Blaksley: The prevalence of fraud within businesses, expressed either as a percentage of turnover or the proportion of bad actors among the workforce, has stayed broadly consistent through the ages. What changes is the methodology and, on a basis partially synchronised with the economic cycle, the extent to which it is noticed or prosecuted. The basics have not really changed – greed, hubris, complacency and a lack of checks and controls remain the principal drivers. Supplier fraud, inventory fraud and payroll fraud, and their variants, remain the primary channels. What has increased substantially, in terms of both scale and sophistication, are third-party frauds perpetrated against a business from the outside. Identity theft, impersonation, phishing, push fraud, payment diversion and social engineering have all taken significant tolls on businesses across the board, both large and small, ‘sophisticated’ and ‘naive’. For many years the mantra was ‘beware the enemy within’, and while that cautionary approach must remain strong, external threats are now more dangerous and prevalent than they have ever been.
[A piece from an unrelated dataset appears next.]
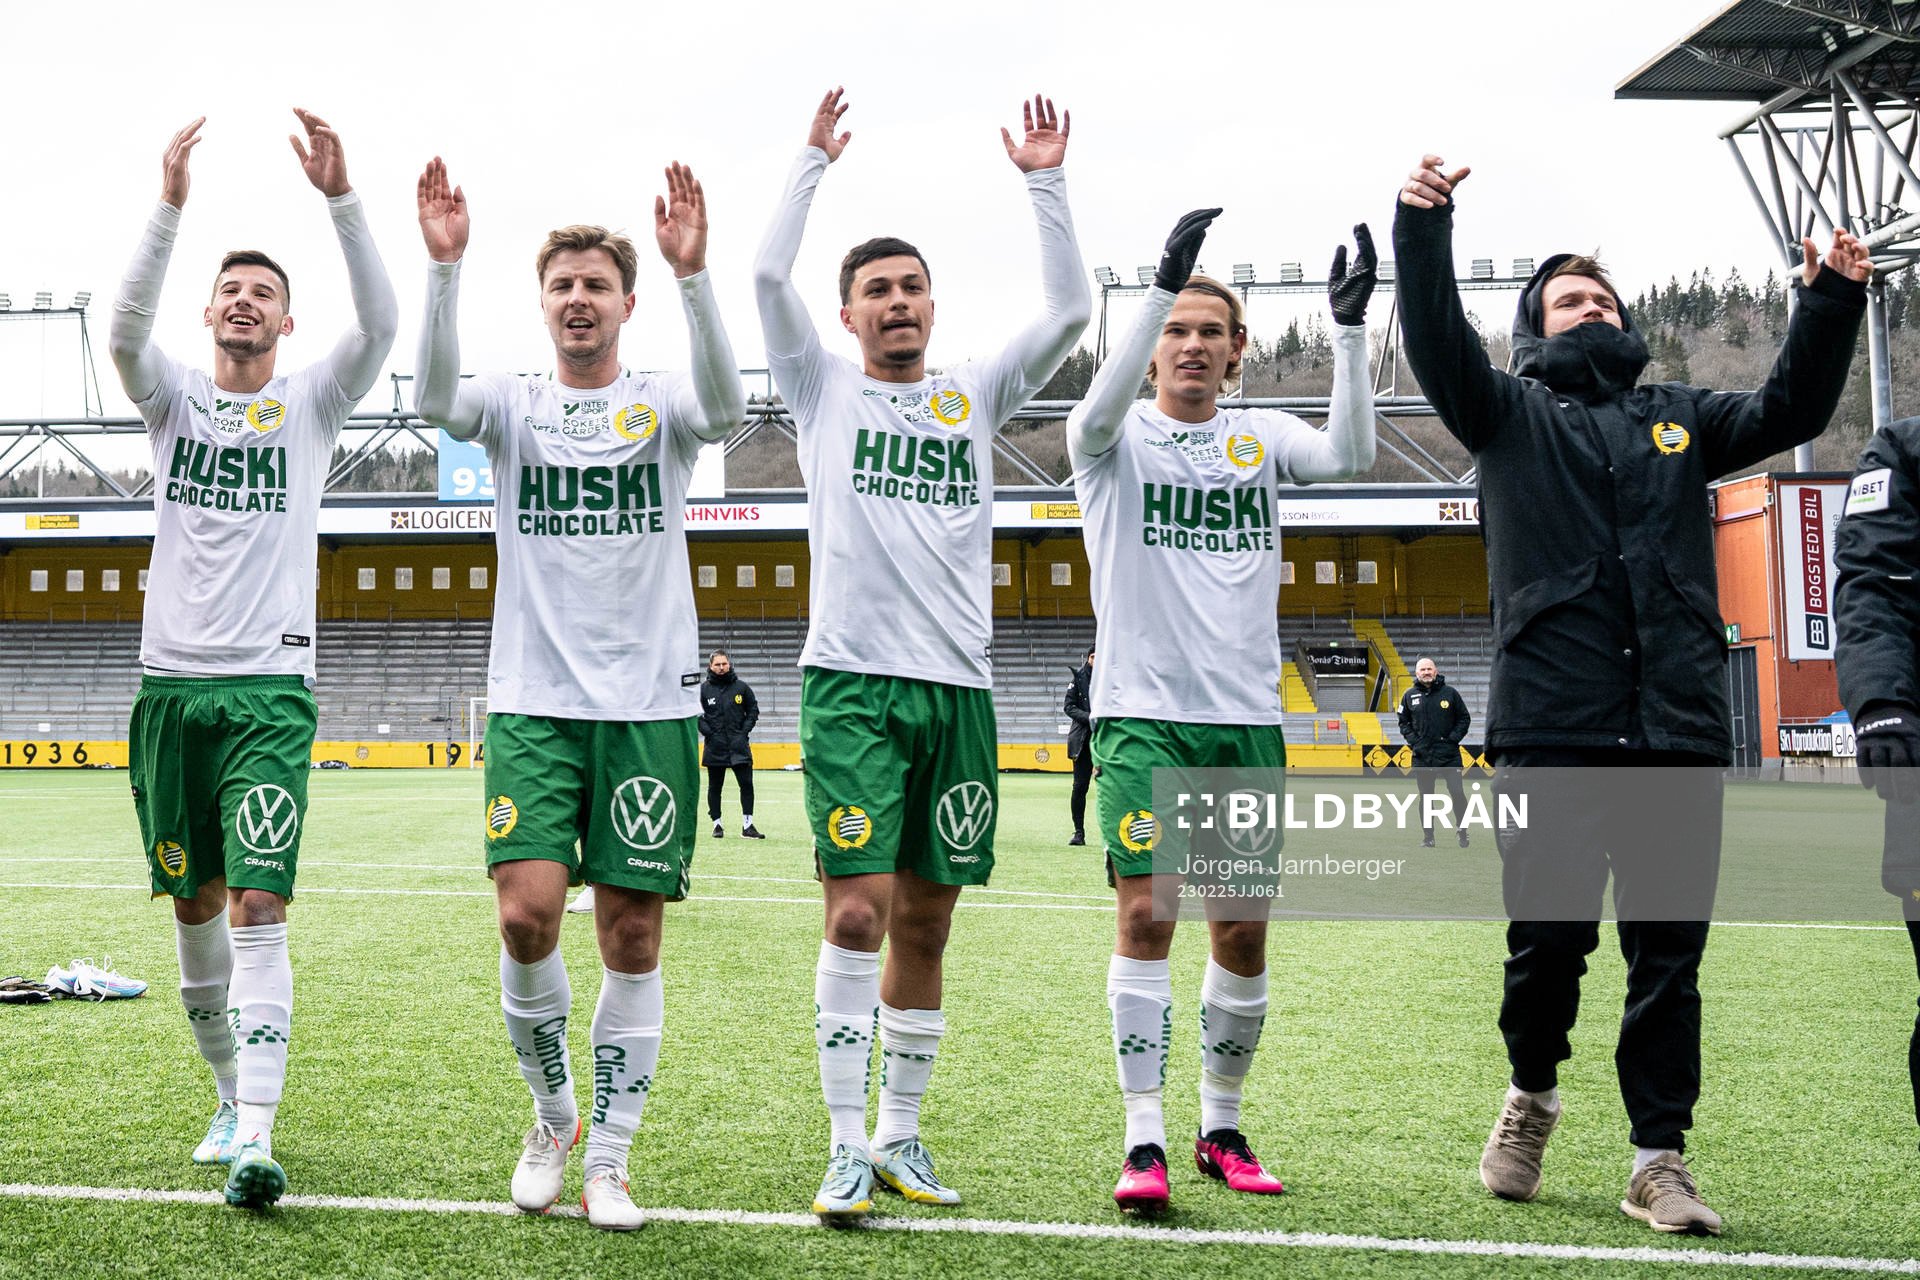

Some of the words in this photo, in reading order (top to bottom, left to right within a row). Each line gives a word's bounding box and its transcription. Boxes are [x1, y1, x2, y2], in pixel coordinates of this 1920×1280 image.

Brudenell: The risk of fraudulent attacks on businesses is constant. The incidents attracting most column inches are crippling cyber attacks on high-profile companies, and we have certainly seen these attacks have a greater financial and operational impact in the short and medium terms than more ‘traditional’ fraudulent activity, such as the actions of rogue employees. There is an increasing acceptance in the business world that there is a duty to employees and shareholders to put processes and systems in place to mitigate this risk.
Fishburn: Cyber-enabled frauds are becoming more frequent as personal data stolen in past attacks is circulated online. The key trend that we are seeing here is patience. Threat actors often lie low for months once they have access to a company’s systems or an employee’s mailbox. They will become familiar with the company’s organisational structure, while learning to impersonate the senior manager’s tone and language. They will wait until they know that large payments are expected and will target times when governance is less strong or key people are out of the office, such as public holidays. The key takeaway here is that while the initial breach might be a cyber problem with a cyber solution, the rest of the fraud is facilitated by the very human art of social engineering. The only silver lining is that fraudsters’ mistakes also tend to be human in nature: be it excessive spending, an entity hubristically name after a beloved family member or a boast to the wrong person.
CD: What are the main challenges facing those tasked with tracing assets misappropriated by fraudulent means?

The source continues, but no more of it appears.